El rabo de toro guisado mejora de un día para otro. Asegúrate de elegir un rabo de toro de calidad, ya que será la estrella de nuestro plato. No subestimes el poder del adobo en esta receta. Un buen adobo marcará la diferencia entre un plato aceptable y uno inolvidable. La paciencia es una virtud en la cocina, y más aún cuando se trata de guisos como este. Cocina el rabo de toro a fuego lento durante al menos 3 horas, pero si puedes dejarlo más tiempo, mejor. La carne se deshará en la boca.

Si la salsa queda demasiado líquida, puedes espesarla añadiendo una cucharada de harina de trigo disuelta en un poco de agua fría y dejando que el guiso hierva a fuego lento durante unos minutos más.

Maridaje y Presentación

El rabo de toro cordobés se sirve tradicionalmente con patatas fritas o arroz blanco, que ayudan a absorber la deliciosa salsa y equilibrar el sabor intenso de la carne. ¿Qué mejor que unas patatas fritas para acompañar a este magnífico plato? Seguramente os sobre muchísima salsa, os vendrá de maravilla para alegrar otros platos, ¡como por ejemplo el arroz blanco!

Para el maridaje, elige un vino tinto con cuerpo, como un Rioja Reserva o un Ribera del Duero. El rabo de toro pide a gritos un excelente vino, como este Bordón de Bodegas Franco Españolas que veis en las fotos, un crianza de Rioja afrutado y especiado que he usado no solo para acompañar al plato terminado, sino en la elaboración de la salsa.
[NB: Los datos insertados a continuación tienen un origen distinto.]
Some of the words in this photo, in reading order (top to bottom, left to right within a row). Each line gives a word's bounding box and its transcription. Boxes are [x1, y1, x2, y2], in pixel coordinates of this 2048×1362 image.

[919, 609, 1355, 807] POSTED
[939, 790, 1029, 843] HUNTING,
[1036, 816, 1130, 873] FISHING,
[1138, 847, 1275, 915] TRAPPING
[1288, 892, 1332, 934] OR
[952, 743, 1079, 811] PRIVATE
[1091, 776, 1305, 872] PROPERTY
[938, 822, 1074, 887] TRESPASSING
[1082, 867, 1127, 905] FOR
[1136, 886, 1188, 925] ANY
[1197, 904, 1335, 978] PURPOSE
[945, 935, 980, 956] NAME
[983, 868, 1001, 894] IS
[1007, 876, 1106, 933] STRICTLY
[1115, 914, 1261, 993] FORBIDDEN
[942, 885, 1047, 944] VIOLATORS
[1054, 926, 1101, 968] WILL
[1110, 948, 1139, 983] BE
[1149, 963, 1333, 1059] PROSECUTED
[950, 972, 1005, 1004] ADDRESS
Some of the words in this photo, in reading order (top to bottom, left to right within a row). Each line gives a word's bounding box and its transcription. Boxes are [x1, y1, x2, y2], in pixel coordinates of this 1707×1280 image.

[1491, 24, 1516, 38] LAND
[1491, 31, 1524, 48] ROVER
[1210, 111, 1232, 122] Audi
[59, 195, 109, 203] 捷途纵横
RABO de TORO o de VACA 🐮 al VINO TINTO 🍷 [Receta Tradicional]

Variantes y Conservación

Sí, puedes utilizar rabo de vaca o buey si no encuentras rabo de toro. El tiempo de cocción es fundamental para obtener una carne tierna y jugosa. La receta que os muestro no es de carne de toro, por lo complicado de conseguir en el día a día. La diferencia radicará en el tiempo del estofado. Mientras que para la carne de vaca con estofarla durante 2 horas a fuego lento será suficiente. Para la carne de buey necesitaremos mucho más hasta que la carne se desprenda del hueso.
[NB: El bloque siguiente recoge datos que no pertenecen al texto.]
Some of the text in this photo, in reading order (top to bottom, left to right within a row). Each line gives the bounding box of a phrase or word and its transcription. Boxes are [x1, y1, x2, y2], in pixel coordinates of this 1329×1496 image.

Sí, puedes congelar el rabo de toro una vez cocinado. Los huesos sobrantes los puedes aprovechar para un caldo. Ah, y si te sobra salsa, cosa bastante habitual, no la tires: congélala y úsala para estofar unas patatitas, por ejemplo, o para mojar verduritas al horno.

Tabla comparativa de tiempos de cocción para diferentes tipos de rabo

El rabo de toro estofado al vino tinto es un plato racial y clásico que hay que saber hacer para ponerse la medalla de cocinero carpetovetónico, pero además está muy rico; la carne queda muy tierna y con un sabor apabullante al que contribuye grandemente el vino.